HTAA: Enhancing LLM Planning via Hybrid Toolset Agentization & Adaptation

arXiv cs.CL / 4/14/2026

💬 OpinionIdeas & Deep AnalysisModels & Research

Key Points

  • The paper introduces HTAA, a hierarchical framework to improve how LLMs plan and reliably execute hundreds of tools for real-world applications.
  • HTAA reduces inefficiency and error accumulation from flat tool-calling by “agentizing” frequently co-used tools into specialized agent tools, shrinking the planner’s action space.
  • It uses Asymmetric Planner Adaptation with trajectory-based training, aligning the high-level planner to agent tools through backward reconstruction and forward refinement.
  • Experiments on the InfoVerify dataset (POI validation workflow for a large ride-hailing platform) and multiple benchmarks show higher task success, shorter tool-calling trajectories, and lower context overhead than strong baselines.
  • The authors report production deployment benefits, including reduced manual validation effort and operational cost, supporting practical effectiveness.

Abstract

Enabling large language models to scale and reliably use hundreds of tools is critical for real-world applications, yet challenging due to the inefficiency and error accumulation inherent in flat tool-calling architectures.

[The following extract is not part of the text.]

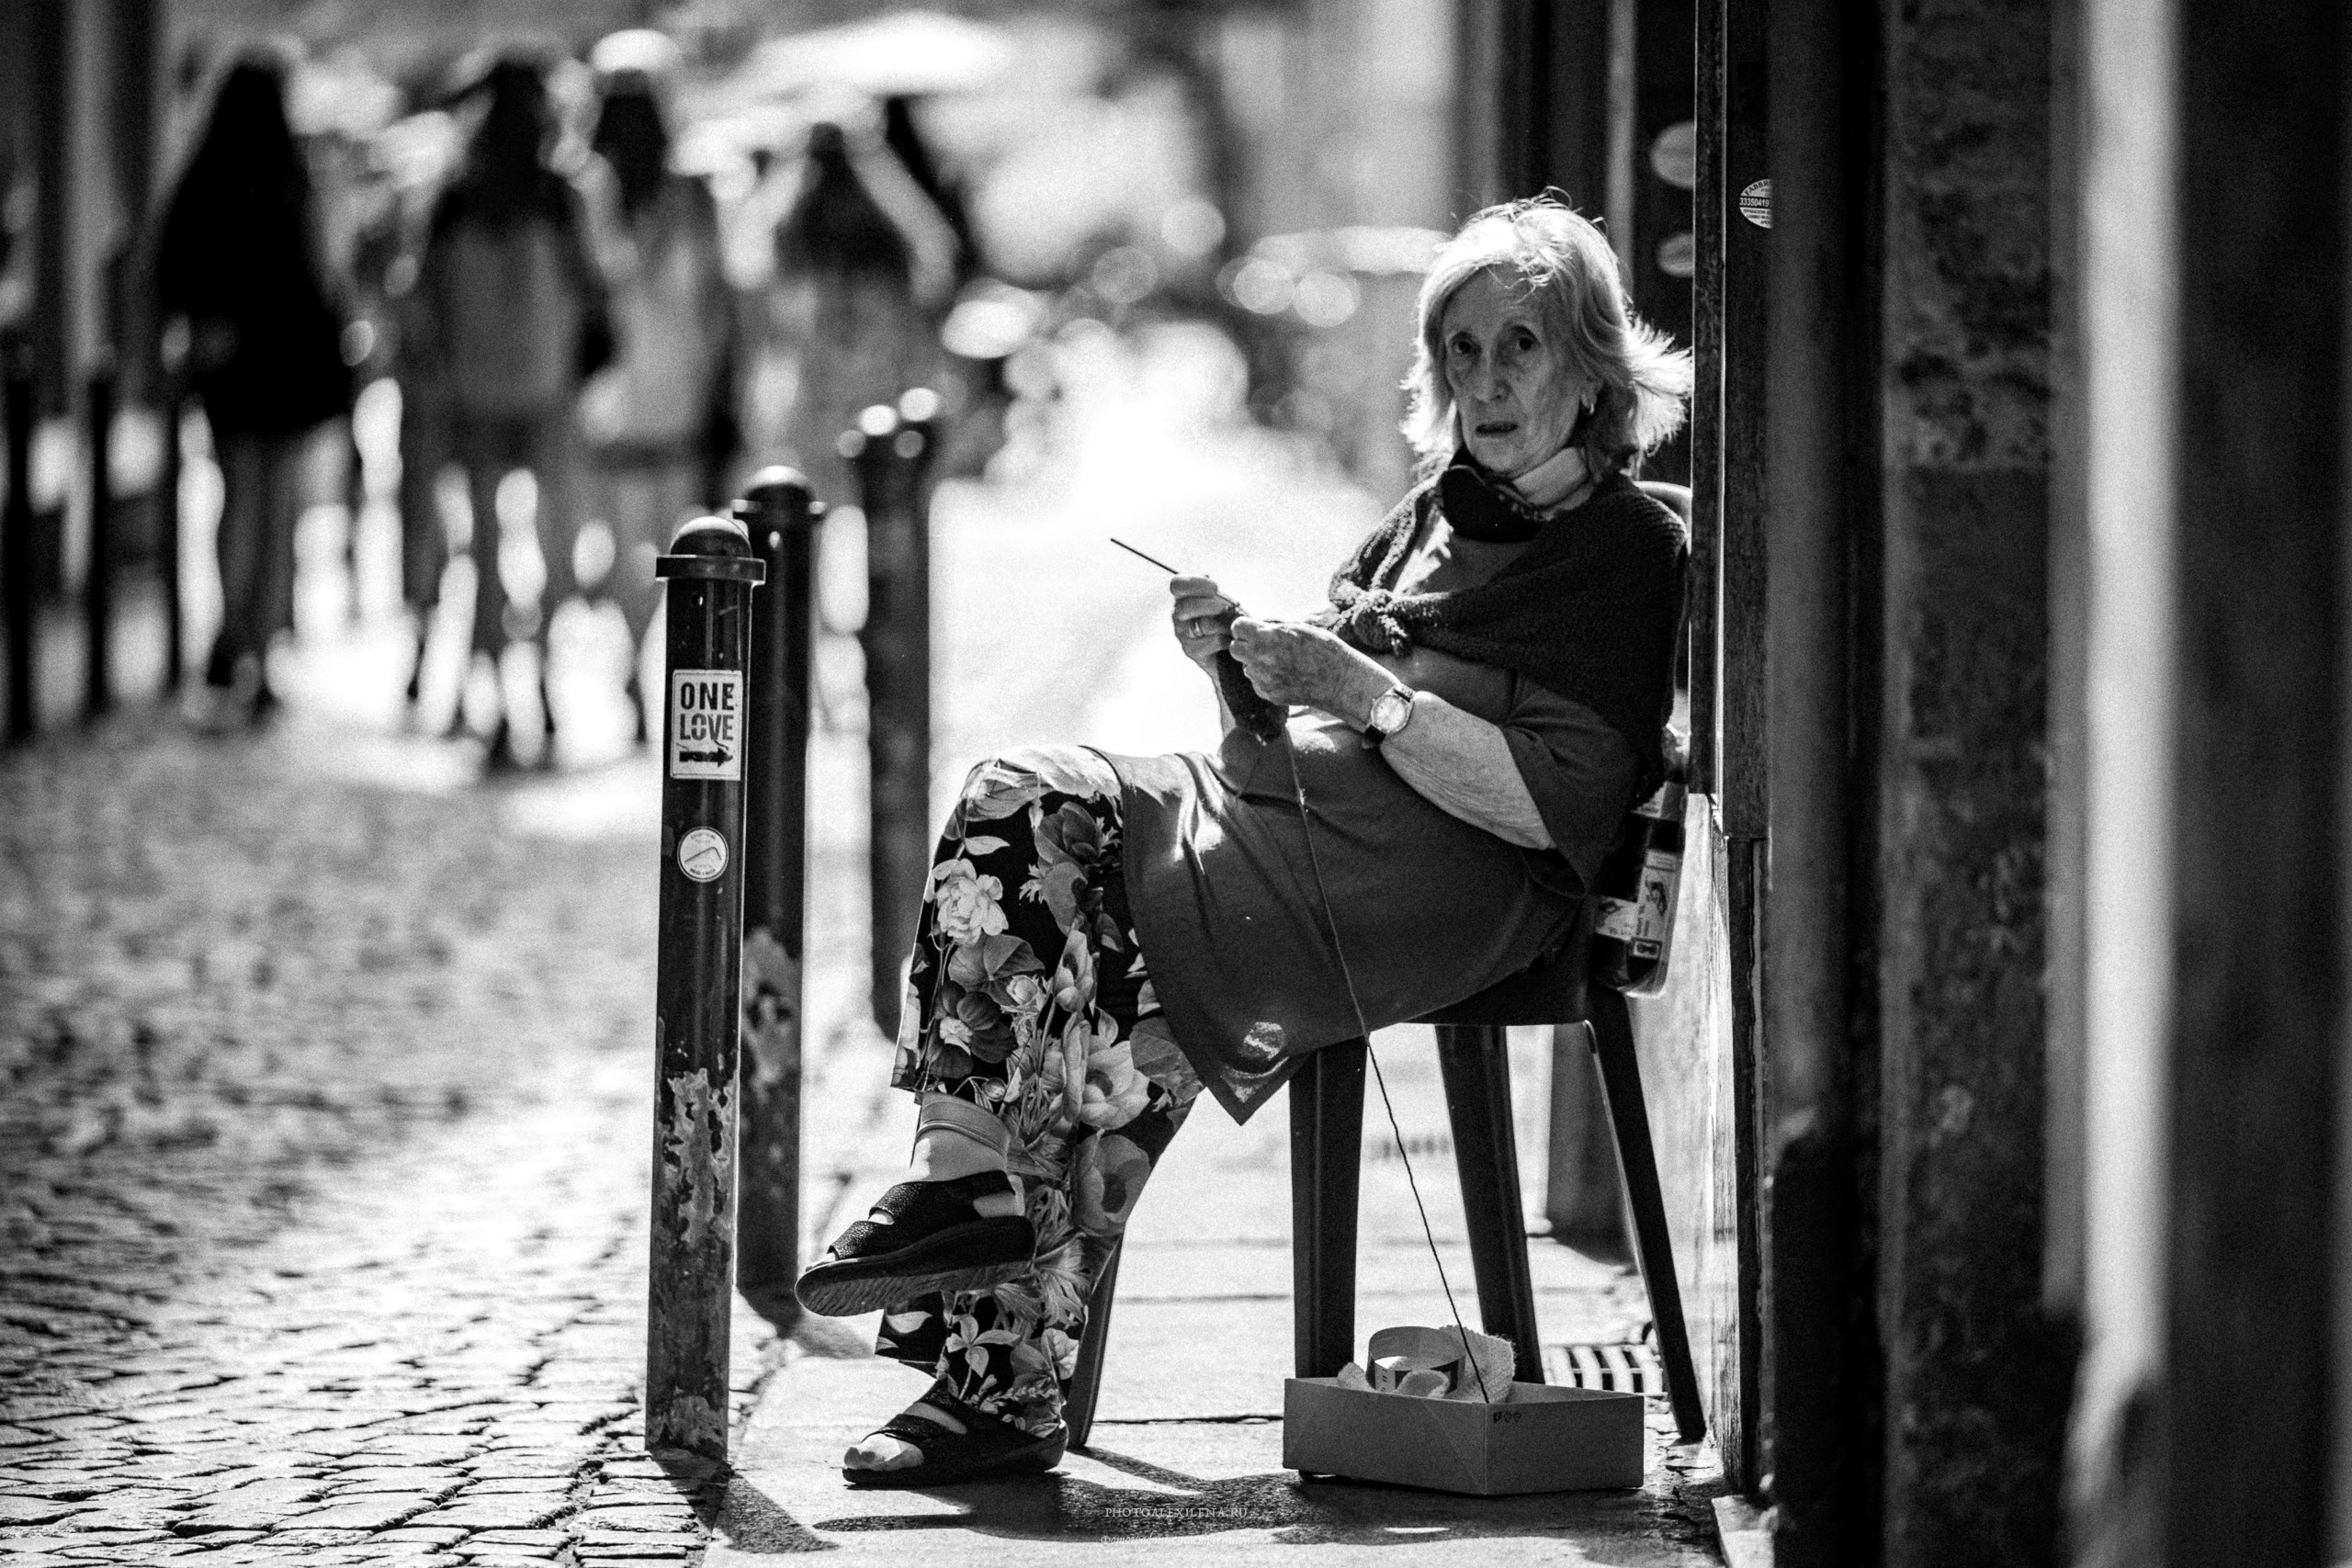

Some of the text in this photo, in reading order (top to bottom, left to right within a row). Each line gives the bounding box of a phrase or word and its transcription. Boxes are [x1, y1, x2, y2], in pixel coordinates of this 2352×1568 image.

To address this, we propose Hybrid Toolset Agentization & Adaptation (HTAA), a hierarchical framework for scalable tool-use planning. We propose a novel toolset agentization paradigm, which encapsulates frequently co-used tools into specialized agent tools, thereby reducing the planner's action space and mitigating redundancy. To ensure effective coordination, we design Asymmetric Planner Adaptation, a trajectory-based training paradigm that aligns the high-level planner with agent tools via backward reconstruction and forward refinement. To validate the performance of HTAA, we conduct experiments on a real-world internal dataset, InfoVerify, based on the POI validation workflow of China's largest online large-scale ride-hailing platform, featuring long-horizon executable tool trajectories. Experiments on InfoVerify and widely-used benchmarks show that HTAA consistently achieves higher task success rates, requires short tool calling trajectories, and significantly reduces context overhead compared to strong baselines. Furthermore, in a production deployment, HTAA substantially reduces manual validation effort and operational cost, demonstrating its practical efficacy.